W.N. Pugin wrote a glossary of ornament designs including orfreys and other braids. These patterns were still used 20 years later. Earlier in the Dublin Review he had criticised ‘prettiness’ of domestic needlework. A set of vestments were made for St Chadd’s Cathedral Birmingham.
Sir Arthur Blomfield (Radcliffe Infirmary Chapel) also designed embroideries and encouraged amateurs. William Butterfield (1814-1900) a leading Gothic Revival architect (Keble College Oxford) was admired for his hard and angular designs which showed single minded conviction and advertised the Christian message. All Saint’s, Margaret St, London (off upper Regent St) is his church and worth a visit.
Would a modern architect have the time to incorporate ornamental textiles in his/her brief?

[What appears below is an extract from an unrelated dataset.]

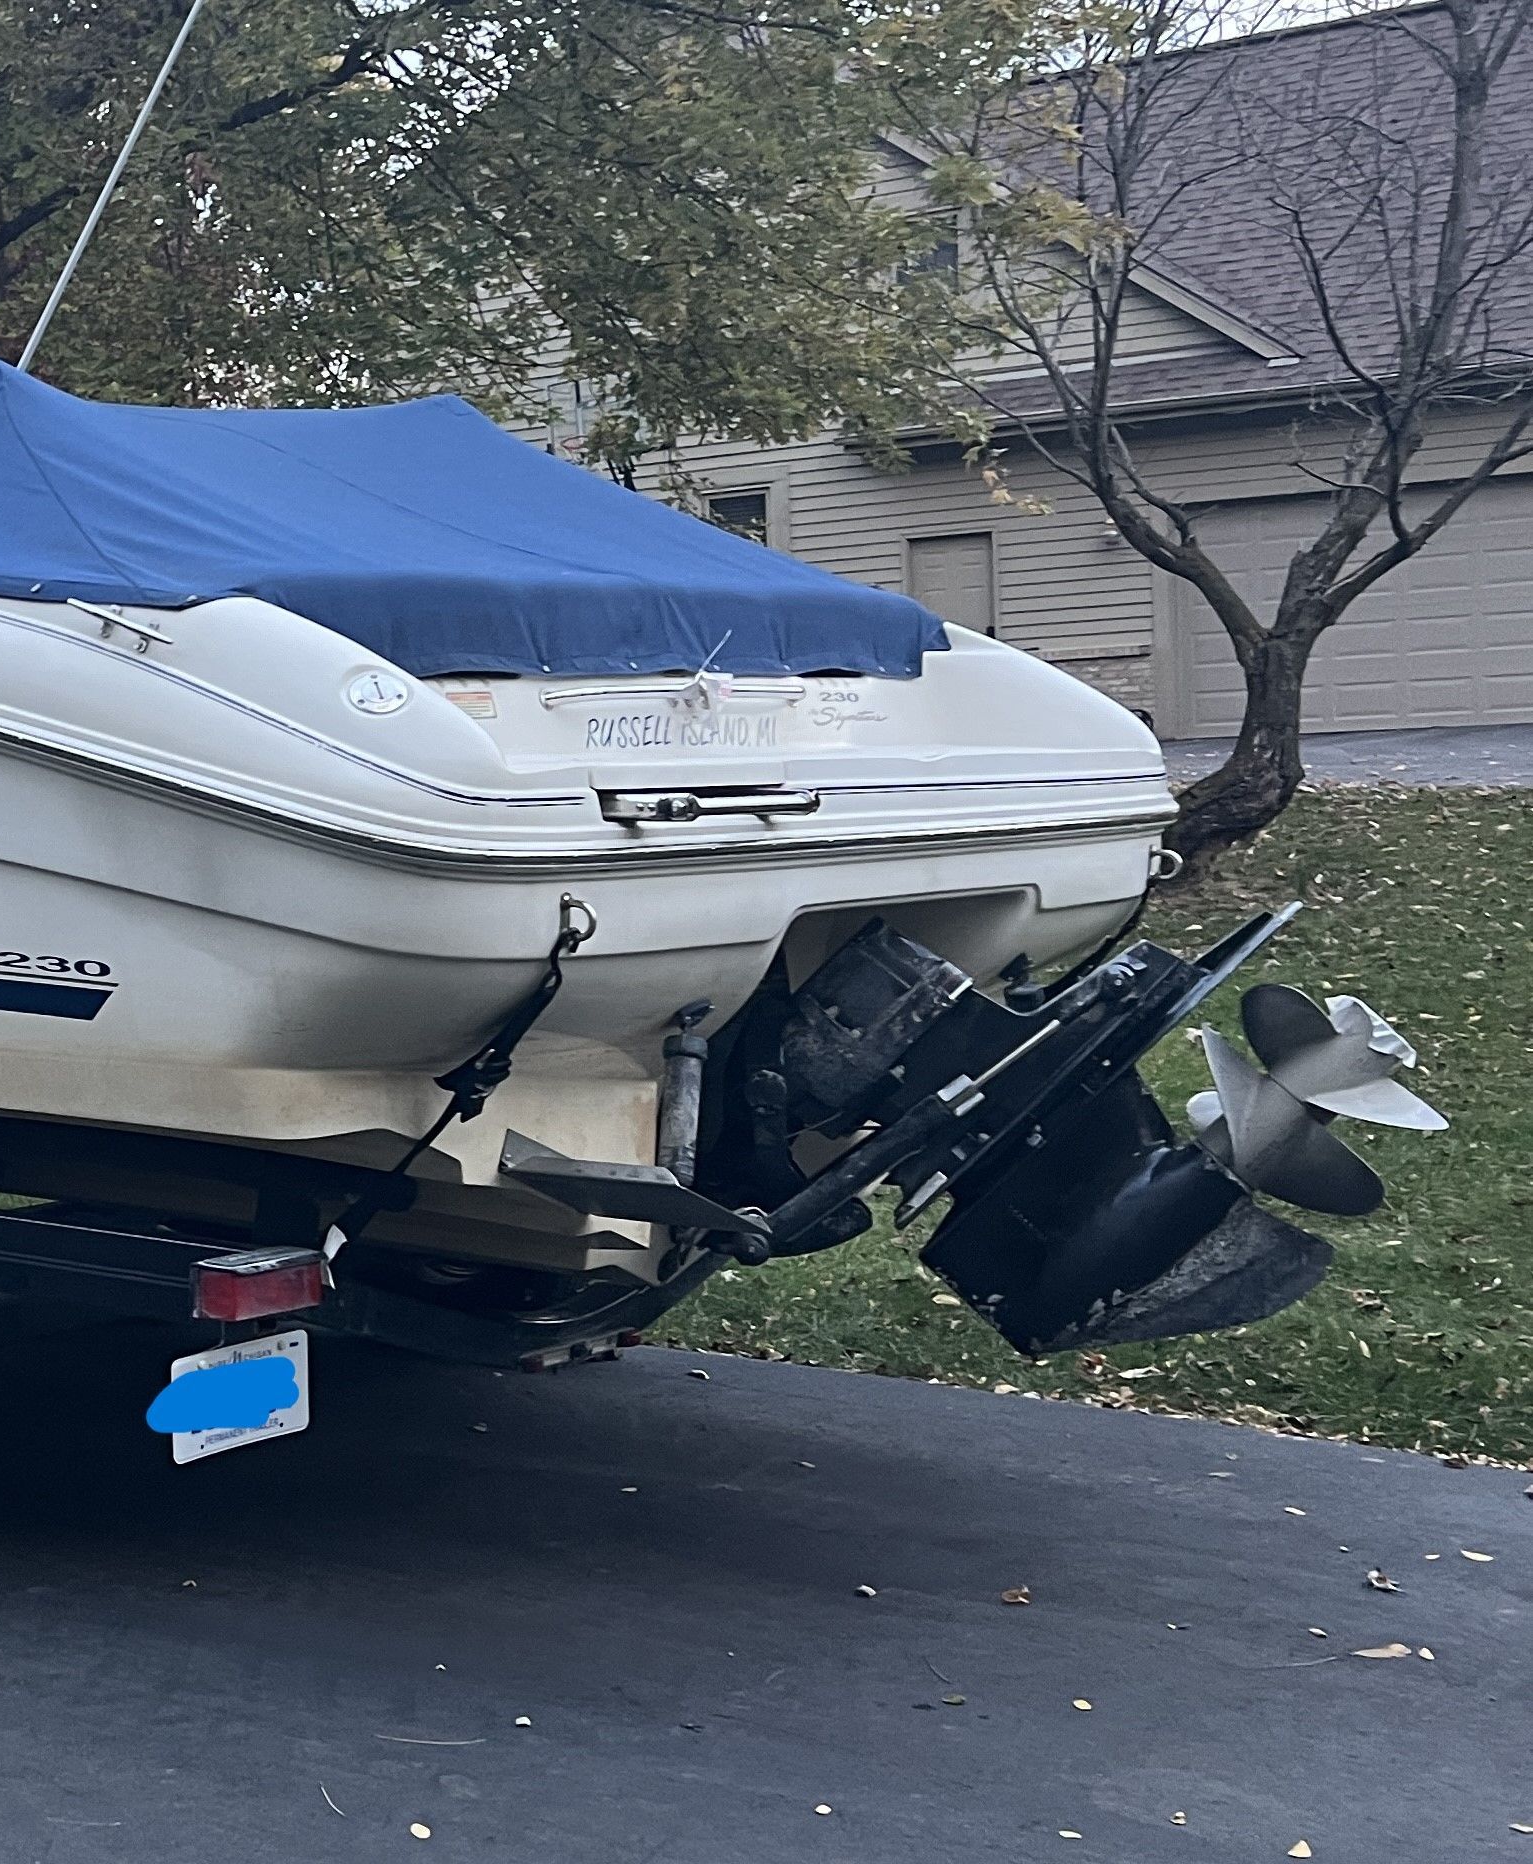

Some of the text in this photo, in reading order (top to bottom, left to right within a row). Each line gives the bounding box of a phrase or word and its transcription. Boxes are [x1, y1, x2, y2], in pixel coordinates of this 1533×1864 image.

[819, 691, 860, 703] 230
[586, 714, 672, 748] RUSSELL
[756, 716, 777, 747] MI
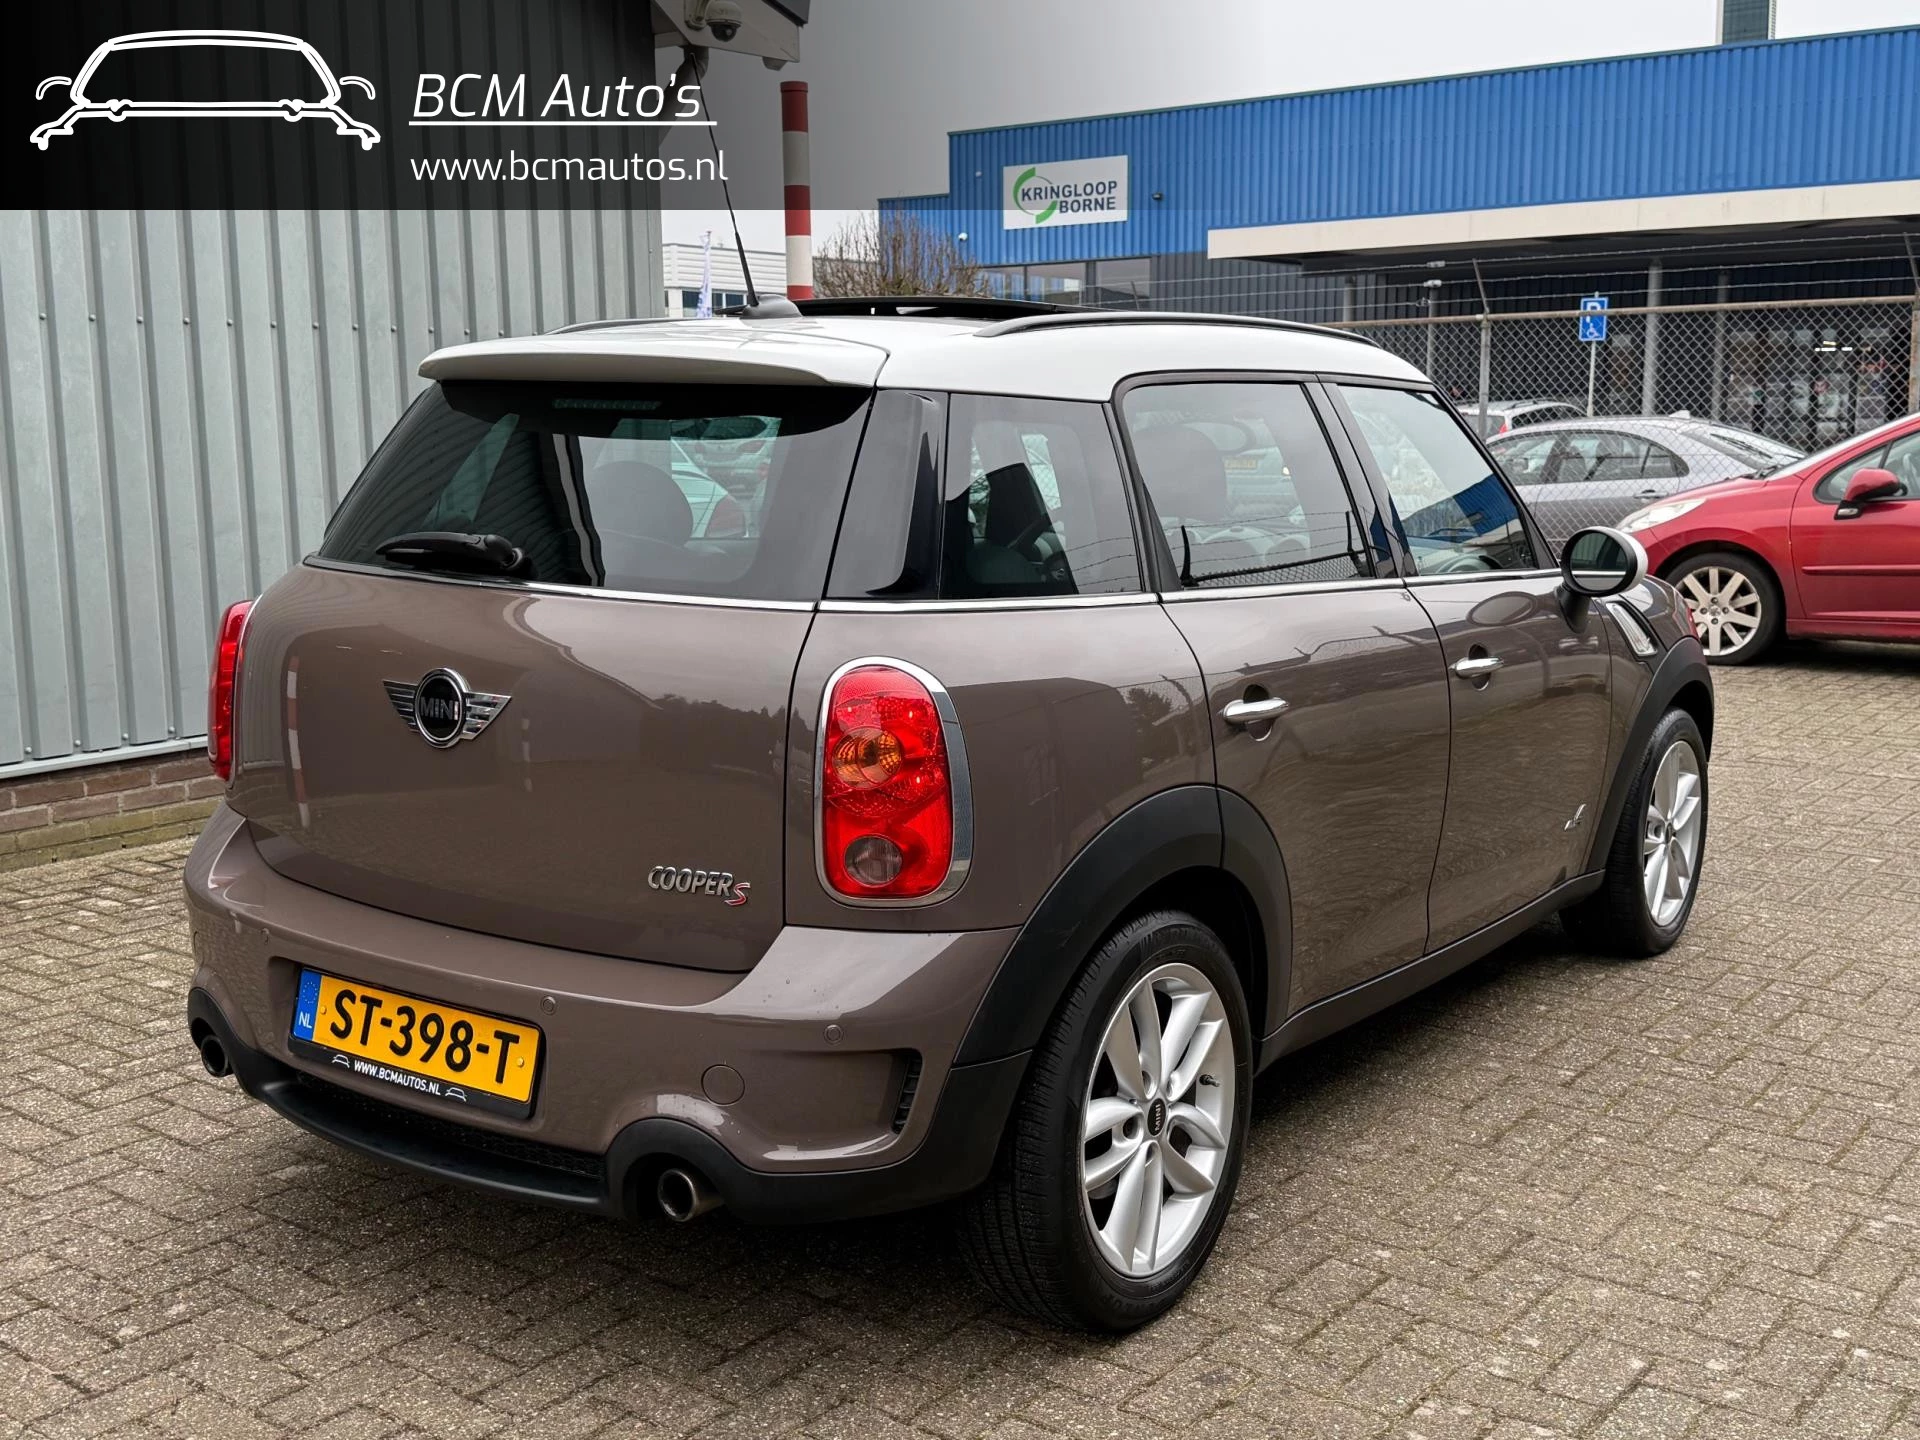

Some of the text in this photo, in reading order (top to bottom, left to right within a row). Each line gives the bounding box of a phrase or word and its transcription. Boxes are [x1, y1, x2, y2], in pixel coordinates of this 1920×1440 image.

During the 1870’s there were 10,000 women on the streets of London, many due to the deaths of their fathers, husbands, brothers in wars, shipwrecks or industrial accidents. At one point only 441 were in the workhouse. Over 200 sisterhoods were formed in this period, many making church vestments, which helped to alleviate poverty. Examples include St Margaret’s East Grinstead, the Wantage sisterhood and Sisters of Bethany, Islington founded 1876 who were famous for laid goldwork. There was the Church Extension Association, the Leek embroidery Society 1879, The Decorative Needle Society 1883 and the School of Mediaeval Embroidery.
The Queen’s embroideress Anastasia Dolby, took a keen interest in these societies and wrote a book on the subject of design. Much church embroidery was done by unpaid amateurs who were often members of the clergy families or women with time to spare.

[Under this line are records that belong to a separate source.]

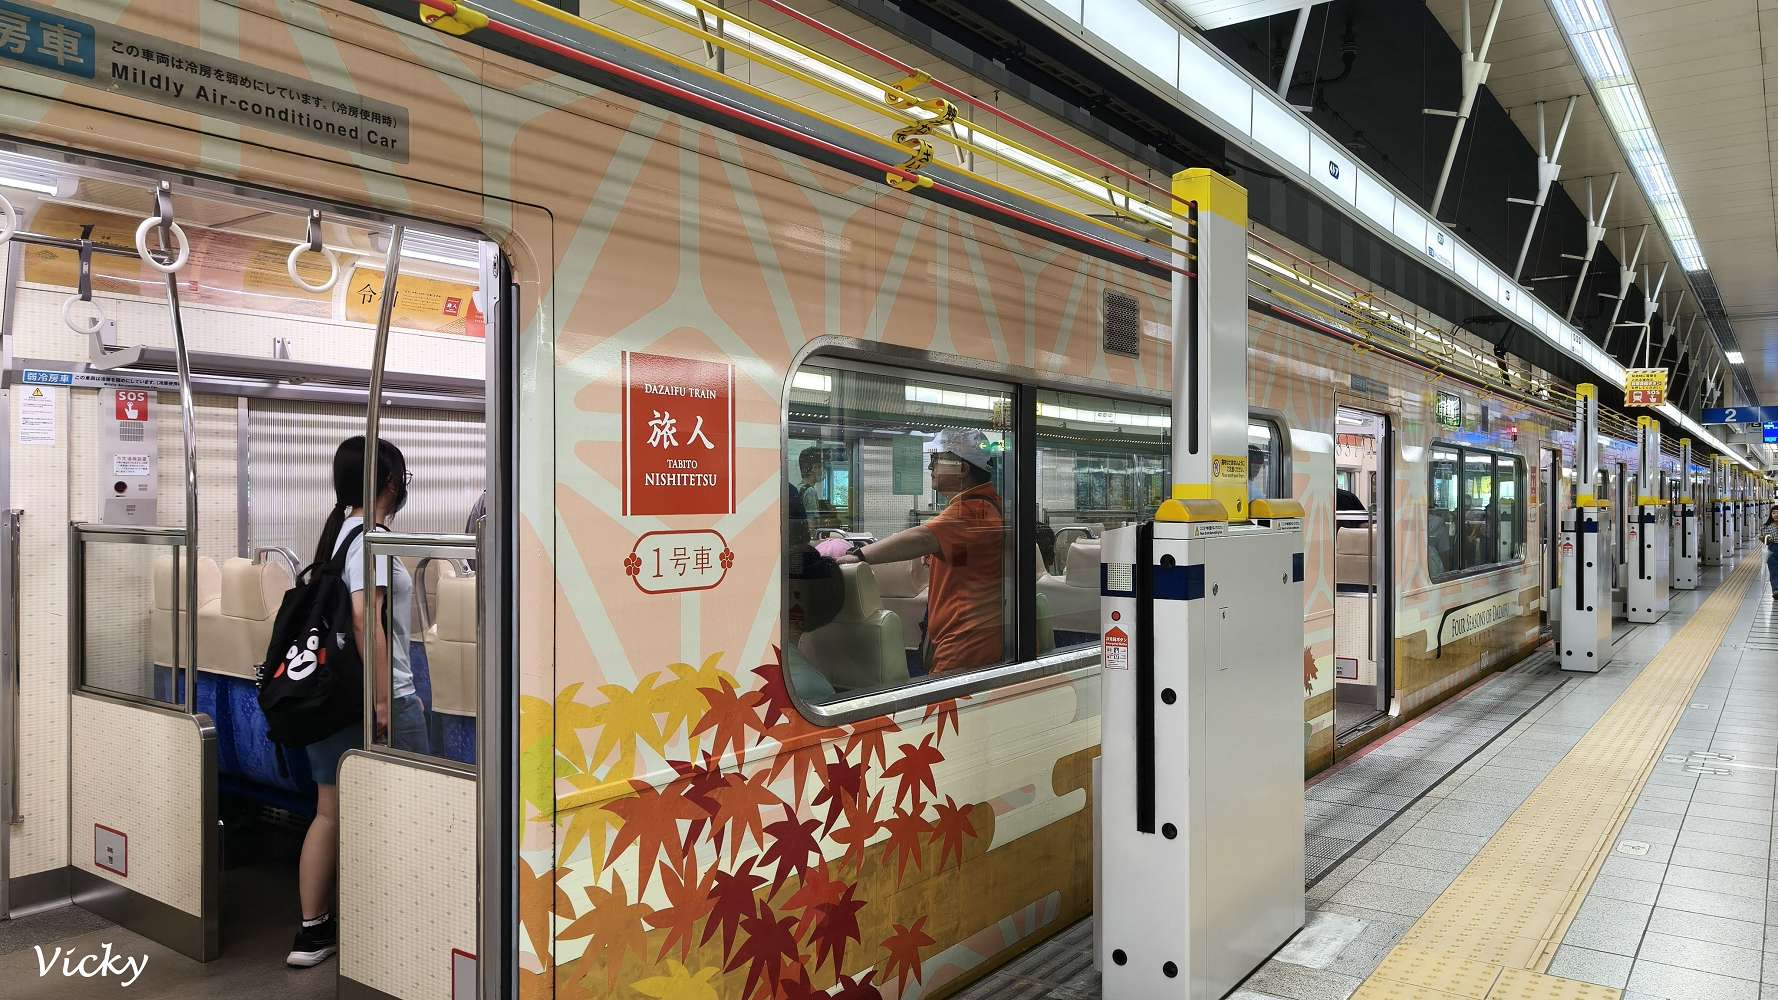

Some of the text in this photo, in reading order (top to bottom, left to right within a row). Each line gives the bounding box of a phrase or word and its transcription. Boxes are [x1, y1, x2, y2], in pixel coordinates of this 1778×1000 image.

[112, 62, 398, 149] Mildly Air-conditioned Car
[118, 391, 145, 402] SOS
[644, 383, 717, 400] DAZAIFU TRAIN
[1724, 408, 1737, 422] 2
[646, 409, 716, 450] 旅人
[666, 459, 698, 469] TABITO
[644, 472, 718, 487] NISHITETSU
[652, 545, 713, 578] 1号車

Another church with vestments to see is All Hallows, Norwich. We were shown a detail of a glorious multi coloured eagle, a golden cope made by Buckley & Co. in 1870 from St Clements Boscombe Bournmouth, and a chasuble from East Grinstead. The Pilgrim in the Garden, a tapestry designed by Burne-Jones (1833-98) finished in 1901, shows an atmosphere of unreality, a dream-like quality moving away from the more direct approach of the earlier work.
Towards the end of the century, the Art Nouveau movement, the Glasgow School of Art and the
plain and simple materials movement led by Jessie Newberry and Ann Macbeth were changing established styles. Walter Crane added his own linear style to the mix.
All the pieces shown were underscored by a conviction and strong religious faith, expertly crafted. As the saying goes, quality counts.